Check the appropriate box below if the Form 8-K filing is intended to simultaneously satisfy the filing obligation of registrant under any of the following provisions:

Written communication pursuant to Rule 425 under the Securities Act (17 CFR 230.425)

Soliciting material pursuant to Rule 14a-12 under the Exchange Act (17 CFR 240.14a-12)

Pre-commencement communication pursuant to Rule 14d-2(b) under the Exchange Act (17 CFR 240.14d-2(b))

Pre-commencement communication pursuant to Rule 13e-4(c)under the Exchange Act (17 CFR 240.13e-4(c))



Item 1.01 Entry into Material Definitive Agreement

Brokered Offering

Agency Agreement

On November 2, 2011 (the “Effective Date”), Gentor Resources, Inc., a Florida corporation (the “Company”), entered into an agency agreement (the “Agency Agreement”) with a placement agent pursuant to which a private offering (the “Offering”) of units (“Units”) of the Company was conducted with respect to persons outside the United States who are non-“U.S. Persons” (as such term is defined in Rule 902 of Regulation S of the Securities Act of 1933, as amended (the “Securities Act”)).  Each Unit consists of one share of the Company’s common stock (a “Common Share”) and one-half of one Common Share purchase warrant (each whole Common Share purchase warrant, a “Warrant”).  Each Warrant entitles the holder thereof to purchase one Common Share at an exercise price of Cdn$1.25 at any time before 5:00 p.m. (Toronto time) within twelve months following the closing of the Offering, subject to adjustment in certain events.  A total of 2,163,000 Units were sold pursuant to the Offering at an offering price of Cdn$1.00 per Unit for aggregate consideration of Cdn$2.163 million.

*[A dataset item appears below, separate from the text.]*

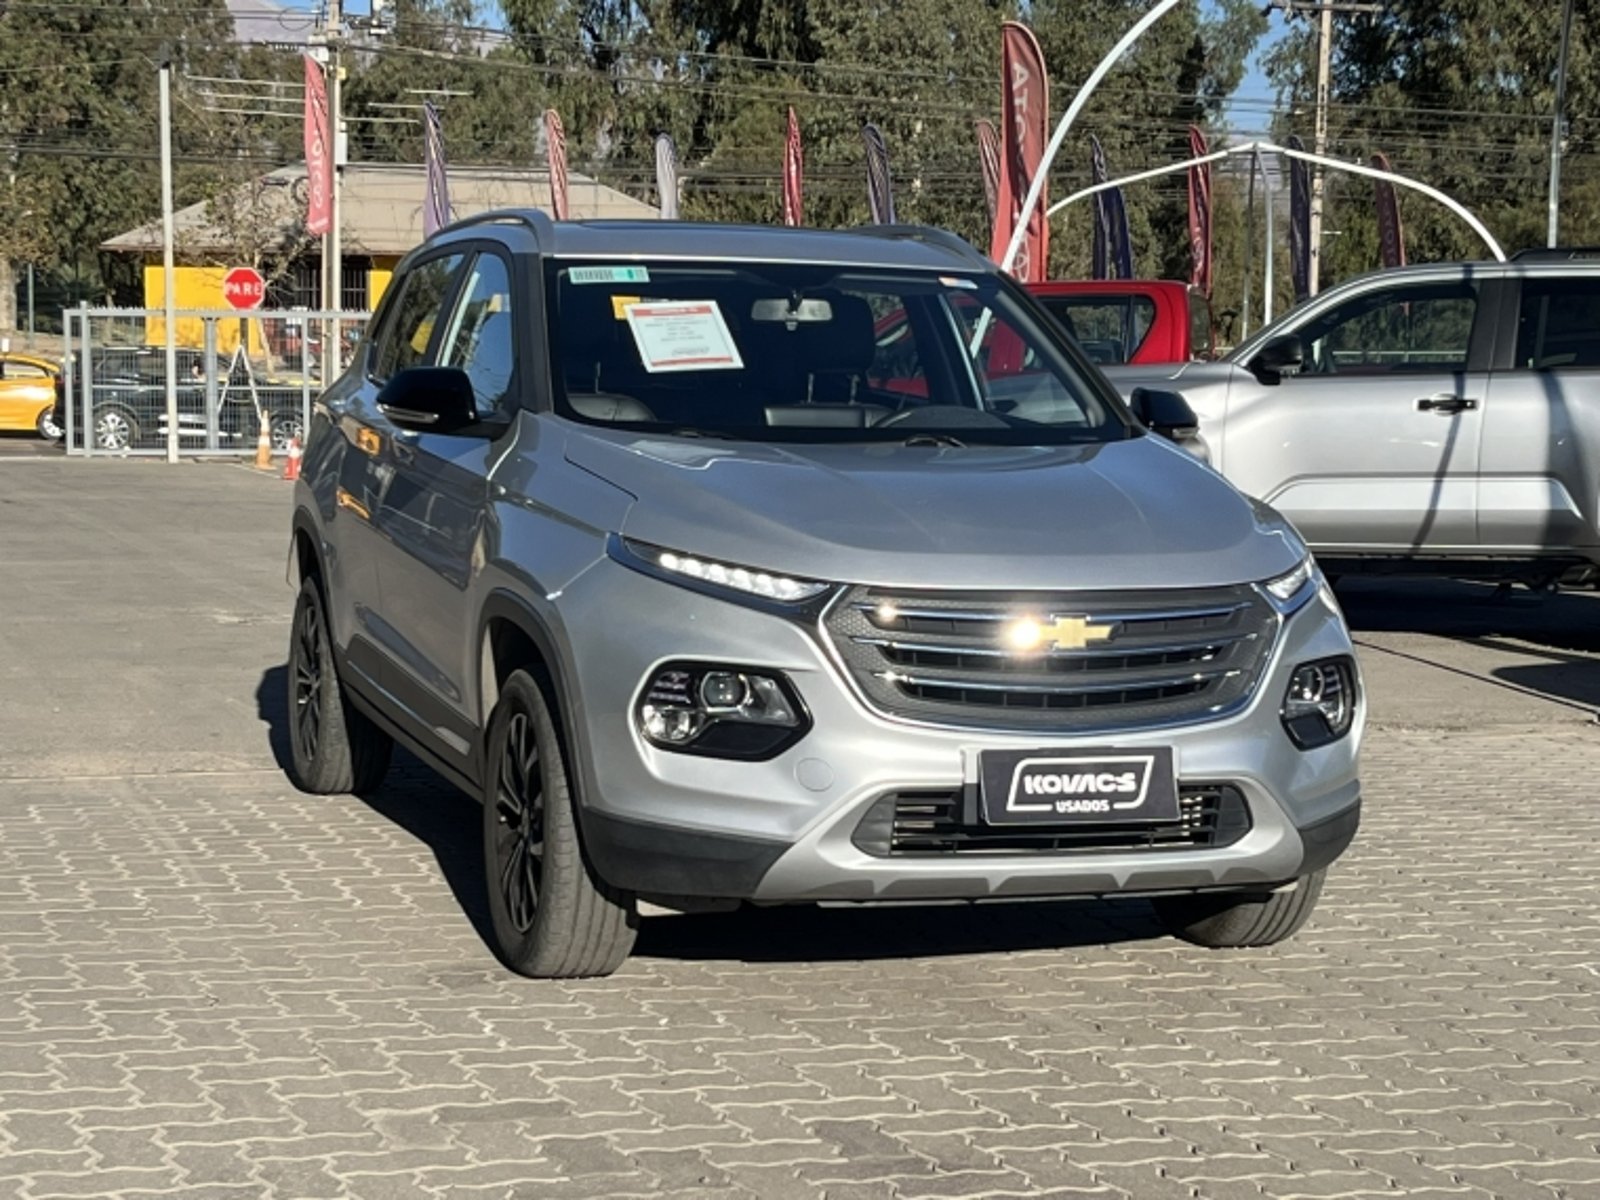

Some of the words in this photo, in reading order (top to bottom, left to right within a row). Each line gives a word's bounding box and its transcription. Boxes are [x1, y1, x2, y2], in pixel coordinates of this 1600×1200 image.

[225, 281, 262, 296] PARE
[1023, 772, 1137, 795] KOVACS
[1055, 800, 1110, 813] USADOS

In consideration of the services rendered by the agent under the Agency Agreement, the Company agreed to (i) pay all reasonable expenses and fees incurred by the agent in connection with the Offering (to a maximum of Cdn$100,000 with respect to the fees and disbursement of the agent’s legal counsel), (ii) pay the agent a cash fee equal to eight percent (8.0%) of the proceeds realized from the sale of the Units in connection with the Offering payable in cash at the time of closing of the Offering and (iii) grant to the agent at the closing of the Offering, non-transferable compensation options (“Compensation Options”) entitling the agent to subscribe for that number of Common Shares equal to eight percent (8.0%) of the total number of Units sold pursuant to the Offering at an exercise price equal to Cdn$1.00 per share for a period of 24 months following closing of the Offering.  The Company ultimately issued 173,040 Compensation Options to the agent in consideration of the services performed by the agent under the Agency Agreement.  

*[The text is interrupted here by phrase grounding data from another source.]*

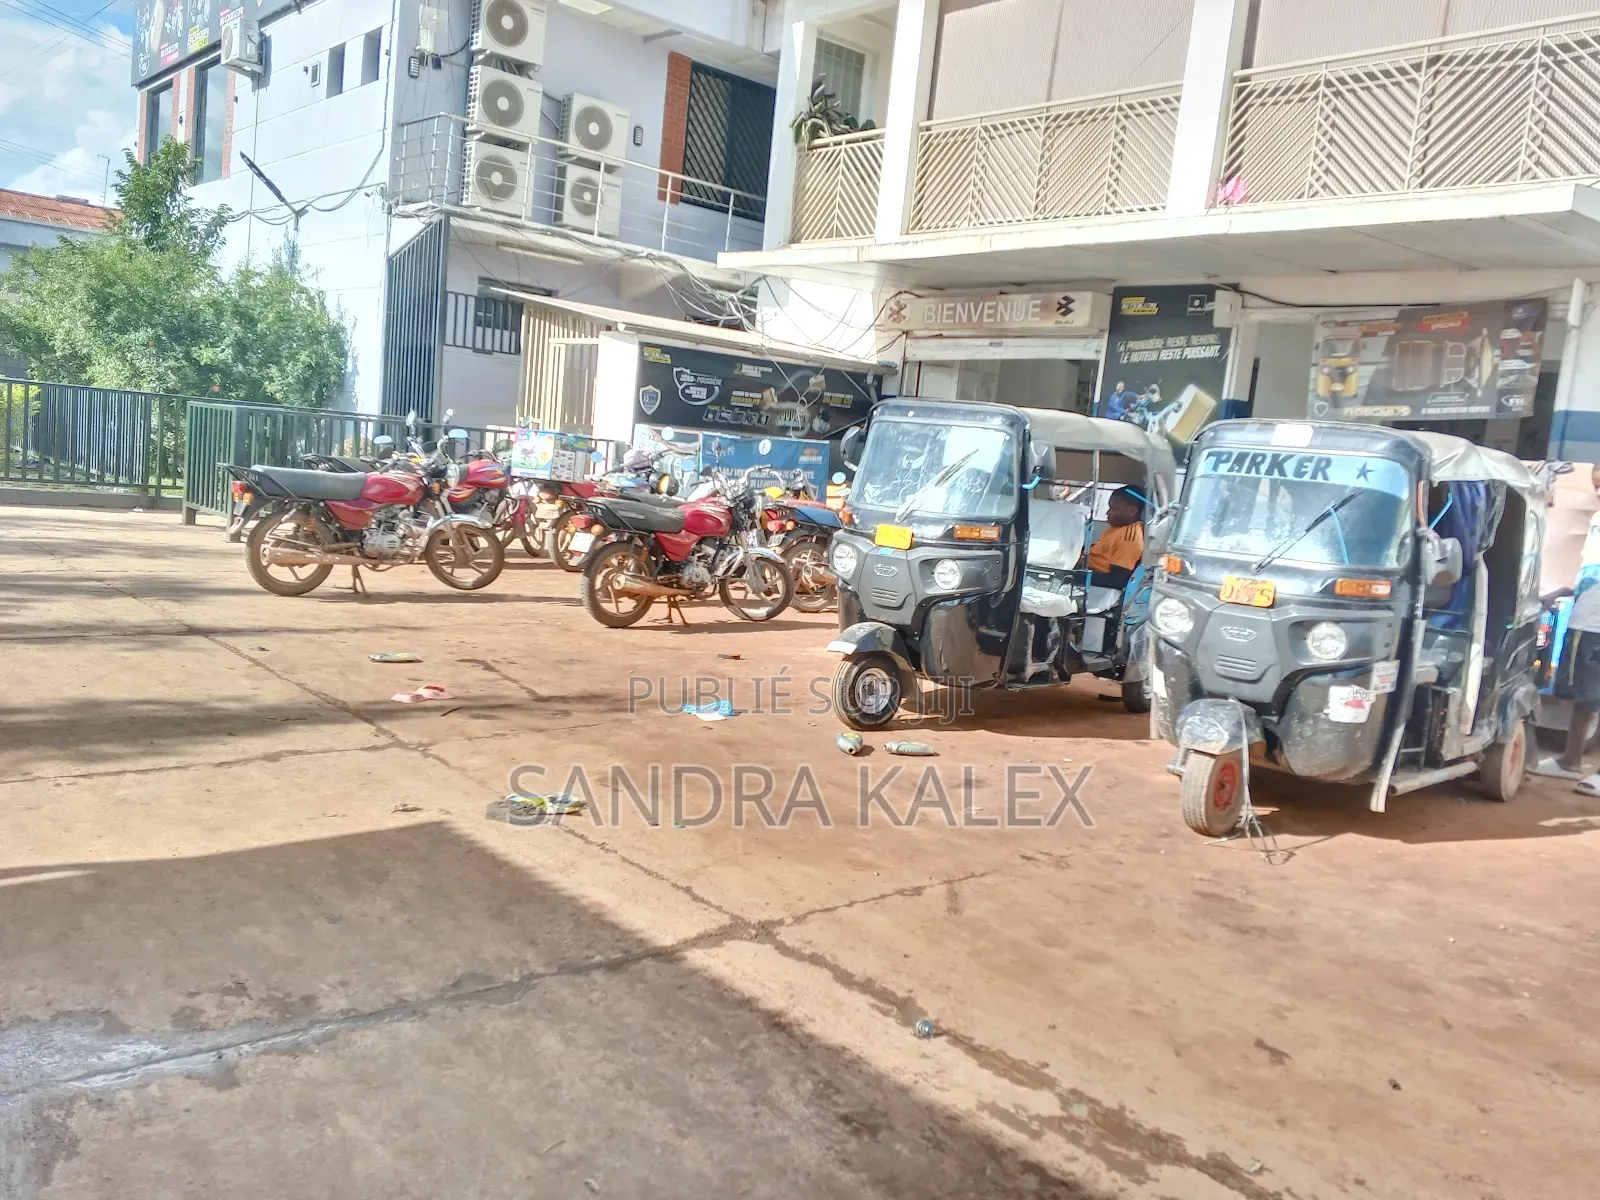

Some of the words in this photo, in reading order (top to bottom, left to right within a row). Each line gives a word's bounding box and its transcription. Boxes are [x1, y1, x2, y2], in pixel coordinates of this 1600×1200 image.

[923, 300, 1043, 325] BIENVENUE
[1119, 352, 1130, 364] LE
[1129, 350, 1160, 363] MOTEUR
[1159, 348, 1183, 361] RESTE
[1204, 451, 1335, 482] PARKER

The Company also covenanted to the agent and the purchasers in the Offering, to, among other things and subject to the approval of the TSX Venture Exchange: (i) file with the Securities and Exchange Commission (the “SEC”) a registration statement on Form S-1 for the resale of the Common Shares issued in the Offering and the Common Shares to be issued upon the exercise of the Warrants and use commercially reasonable efforts to cause such registration statement to be declared effective by the SEC within four months following the Effective Date (and to cause it to remain effective under certain circumstances); or (ii) effect a reorganization of the Company within four months following the Effective Date with the purpose of causing the Company to qualify as a “foreign private issuer” within the meaning of Rule 405 under the Securities Act.  If the Company fails to comply with the foregoing covenants, the Company will, as a penalty and as the sole remedy for the breach of the foregoing covenants, be obligated to issue to each purchaser in the Offering one-tenth of one Common Share for each Unit issued in the Offering and still held by such purchaser.

Warrant Indenture

In addition, pursuant to the terms of the Agency Agreement, and in order to facilitate the issuance and administration of the Warrants issued in the Offering, on the Effective Date, the Company and Equity Financial Trust Company (“Equity”) entered into a warrant indenture (the “Warrant Indenture”) whereby the Company appointed Equity as warrant agent for the purchasers in the Offering to hold all rights, interests and benefits contained therein on behalf of the holders of the Warrants.  The Warrant Indenture sets forth the terms of the Warrants, including the mechanics for the exercise of the Warrants and the issuance of the underlying Common Shares. 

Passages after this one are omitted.